Aeons go by, as do opportunities to make a fresh, different film.
And we wonder why no one goes to the movies. It's not that there's anything wrong, exactly, with
Aeon Flux
, but there's also nothing particularly right about it, either. Have directors and writers become so fearful that they won't hold studios hostage? Are actors so afraid of unemployment that they won't walk off the set? If no one else is gutsy enough to call it, audiences will; the emperor, in point of fact, has no clothes.
***image1***Or maybe that's just Charlize Theron. Fans of the short-lived MTV series of the same name will be familiar with the secret agent's taste in clothing (or lack of same): Victorian-Japanese fetishwear made, as far as one can tell, of black dental floss, medical gauze and strategically placed raisins.
Aeon
's sets are also futuristically appointed, especially certain sculpted cement exteriors which look for all the world like the south bank of the Thames, only set in a future with such technological innovations as transparent concrete and razor-tipped grass.

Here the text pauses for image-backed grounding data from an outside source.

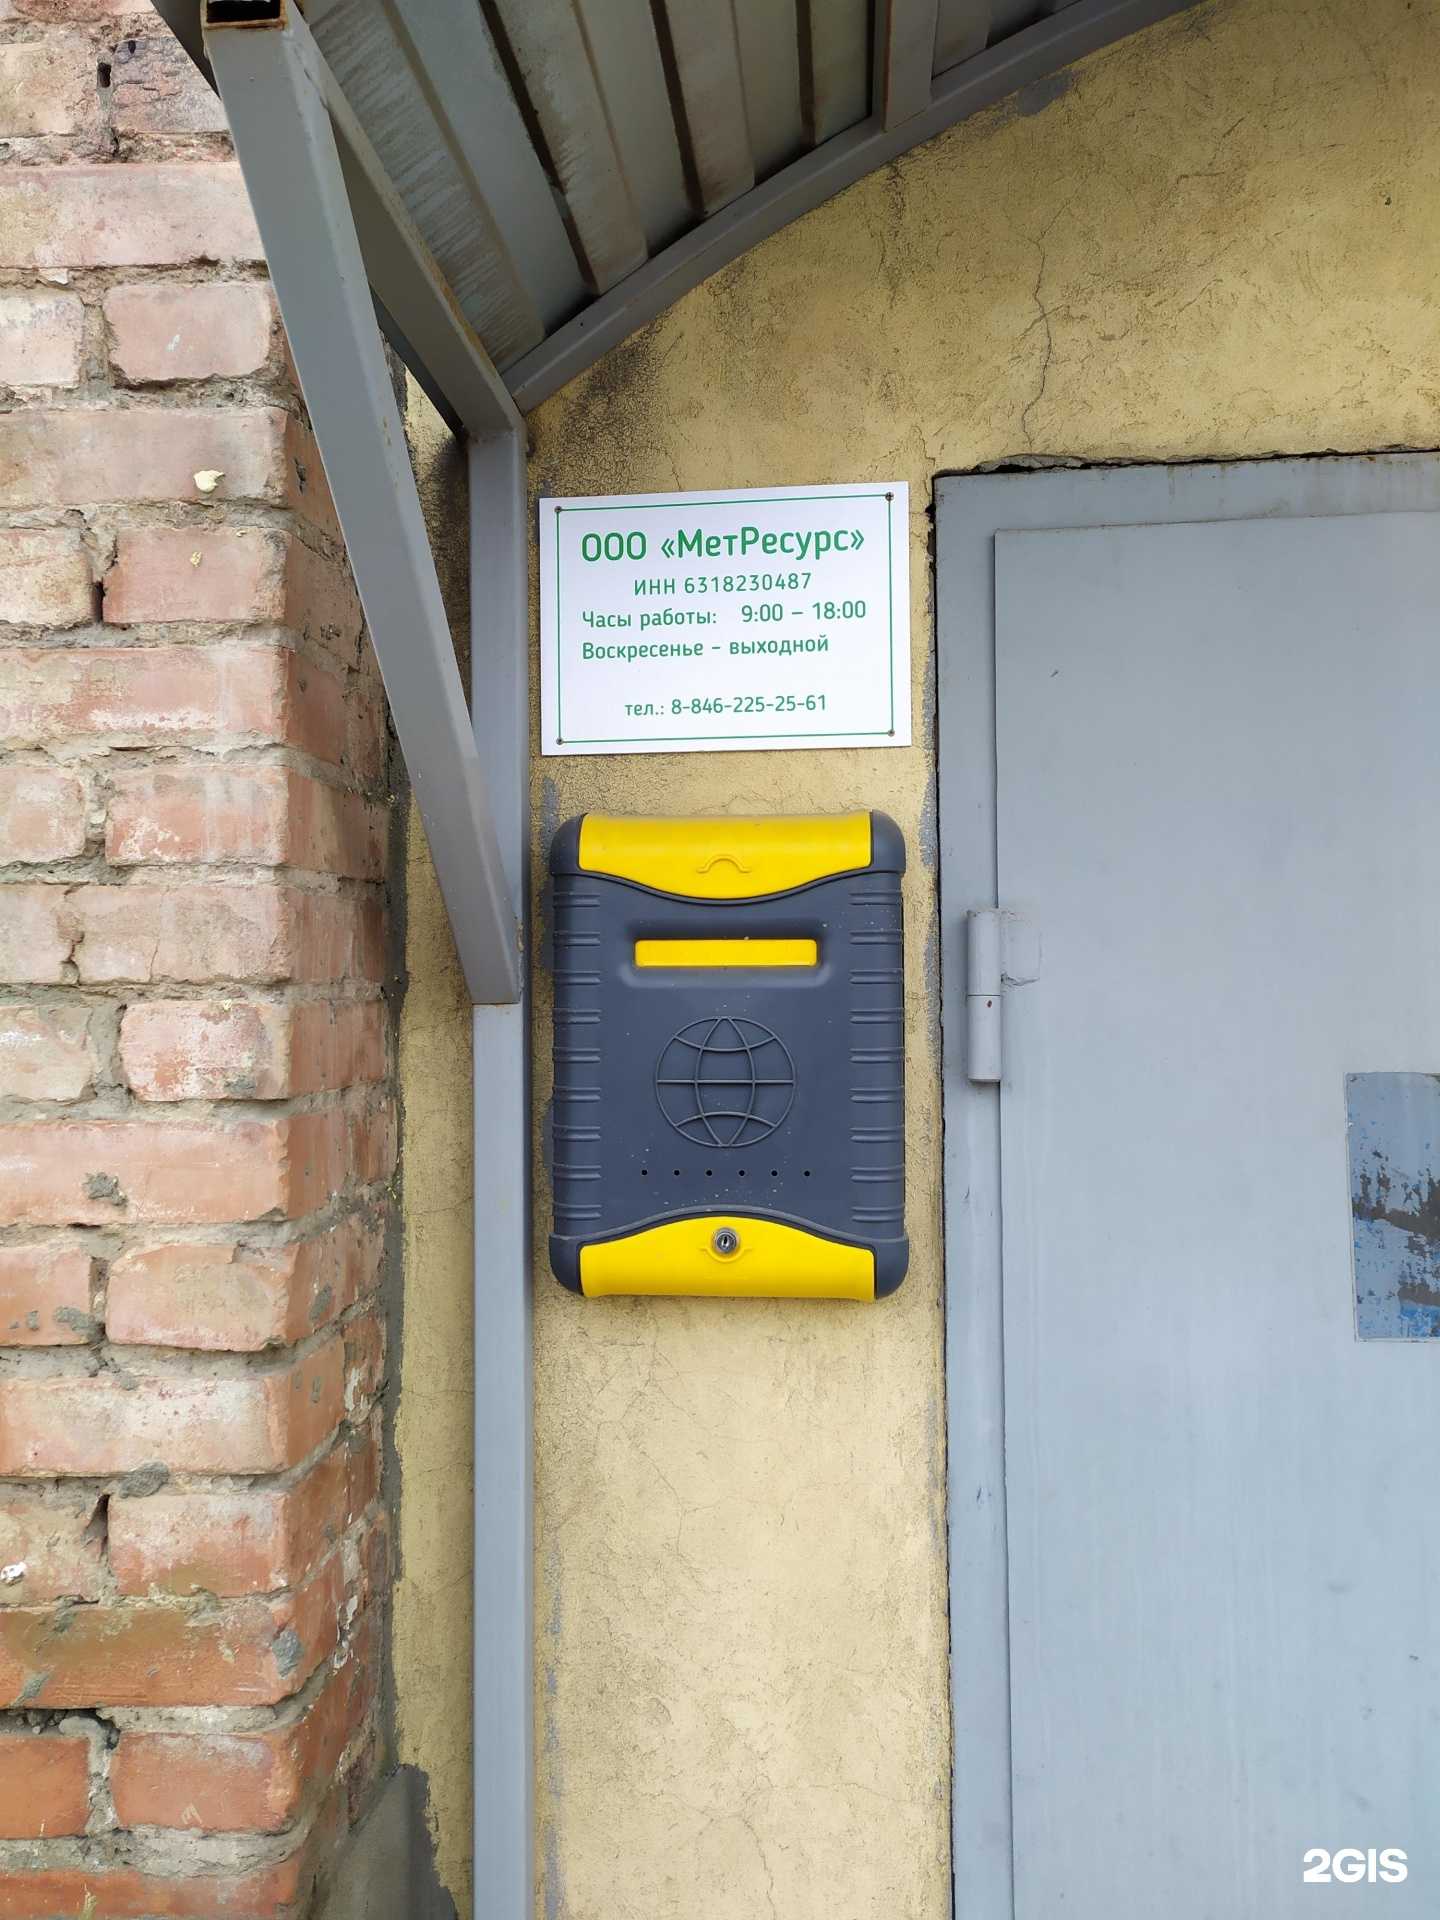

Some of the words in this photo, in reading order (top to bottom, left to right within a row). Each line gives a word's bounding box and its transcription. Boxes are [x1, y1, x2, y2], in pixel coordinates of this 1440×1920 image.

[580, 531, 647, 562] ООО
[660, 526, 865, 560] «МетРесурс»
[634, 577, 676, 596] ИНН
[684, 572, 812, 594] 6318230487
[582, 610, 632, 628] Часы
[640, 607, 717, 631] работы:
[741, 604, 784, 623] 9:00
[811, 600, 867, 620] 18:00
[582, 642, 704, 663] Воскресенье
[729, 634, 829, 656] выходной
[624, 703, 665, 716] тел.:
[671, 694, 827, 715] 8-846-225-25-61
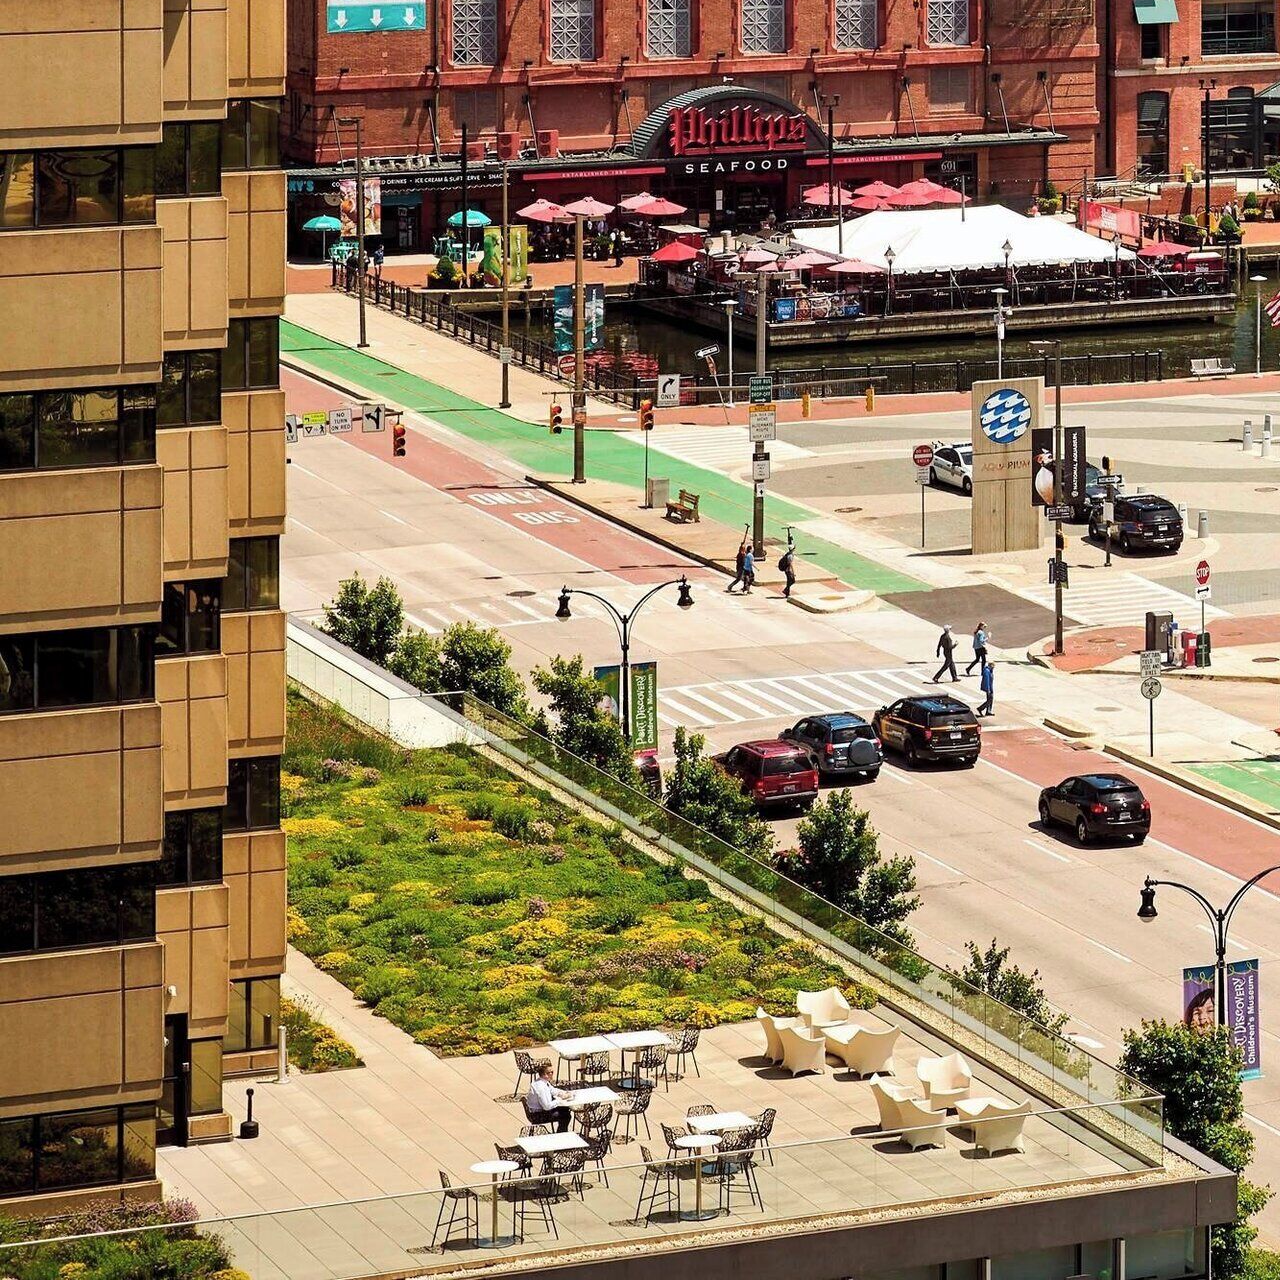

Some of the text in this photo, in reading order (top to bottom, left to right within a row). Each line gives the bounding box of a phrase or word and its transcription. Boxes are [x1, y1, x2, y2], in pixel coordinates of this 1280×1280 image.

[669, 105, 807, 156] Phillips
[685, 159, 788, 174] SEAFOOD
[941, 161, 956, 170] 601
[467, 491, 542, 505] ONLY
[512, 511, 580, 525] BUS
[1196, 567, 1209, 578] STOP

There must be more to filmmaking than interior design, though, or we'd be giving Best Director to Martha Stewart for arranging dried lavender in rusty paint cans. For example, one also needs plot holes through which our heroine can turn a half-dozen backflips. In the series, Aeon Flux was an acrobatic operative for the nation of Monica; she often was required to go up against her sadistic lover, Trevor Goodchild, mad-scientist leader of neighboring Bregna. In the absence of Monica, it's hard to explain Monicans, who are apparently disgruntled with the Bregnan technocracy for disappearing people à la Chilean dictatorship. In a walled city-state of five million (the remaining population after a virus-cough
bird flu
cough-has ravaged humanity), it's even more puzzling that the disappeared, the disappearers and/or the cryptoanarchists don't stand out, especially when the latter do everything in their power to look like runway models at a Halloween sex party.
At any rate, this incarnation of Aeon (Ms. Theron, with that architectural hair we'll all be required to sport in 400 years) is assigned by the Monicans' ephemeral Handler (Frances McDormand, whose hair resembles nothing so much as an unravelling orange bathmat) to assassinate Trevor, whom she knows only as the man who cured the "Industrial Disease." Armed with her platform wedges and black spandex, she's prepared to carry out her assignment but is halted in her tracks when Trevor seems to recognize her, and she him. The plot thickens, but not sufficiently; it's more like pancake batter when you've accidentally added too much water to thin it.
Theron and
Girlfight
director Kusama make heroic efforts to render Aeon cartoonish, giving her a low, flat-pitched voice, a tendency to stare obliquely into middle distance and a personal grudge against Bregna; but the oddly avuncular Marton Csokas doesn't seem to have received any direction at all-at any rate, he's about as threatening and evil-seeming as Joe Lieberman (strange, given how he torched up the screen with Natasha Richardson this summer in
Asylum
). Even such normally charming British actors as Jonny Lee Miller and Pete Postlethwaite are ruthlessly flattened, not into stylization but two-dimensionality.
***image2***Animator Peter Chung's original shorts inevitably ended with Aeon's death, and then casually began again next time as if nothing had happened; if only someone had thought to make a feature-length film every bit as cryptic. We could have had a self-referential
Memento
-esque episodic drama in which Aeon and Trevor were repeatedly slain and only gradually came to realize what was happening. Instead of referencing animé, why not make a live-action film that
is
animé, in which the absence of dialogue seems deliberate rather than a product of the screenwriters' doltishness, in which there's more to tragic romance than one violent death in an orchard of cherry blossoms, in which dominance and submission are expressions of more than costuming, in which we're not stuck with yet another vanilla soft-focus flesh-toned camera-pans-to-the-window hetero sex scene? There's an art to asking and failing to answer the right number of questions, and
Aeon Flux
clears up too much of the mystery; afraid of going too far, it doesn't risk enough, and the result is just another pretty but pedestrian sci-fi/action movie.